Assignment: Give the entries again, exactly as they stand.
*** Opening Source material ***
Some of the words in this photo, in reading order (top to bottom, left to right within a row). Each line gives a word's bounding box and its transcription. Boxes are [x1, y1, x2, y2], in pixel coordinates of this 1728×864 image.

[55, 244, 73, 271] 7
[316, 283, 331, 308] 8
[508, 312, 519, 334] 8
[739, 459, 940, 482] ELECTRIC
*** Closing Source material ***
Response to this task:
Some of the words in this photo, in reading order (top to bottom, left to right within a row). Each line gives a word's bounding box and its transcription. Boxes are [x1, y1, x2, y2], in pixel coordinates of this 1728×864 image.

[55, 244, 73, 271] 7
[316, 283, 331, 308] 8
[508, 312, 519, 334] 8
[739, 459, 940, 482] ELECTRIC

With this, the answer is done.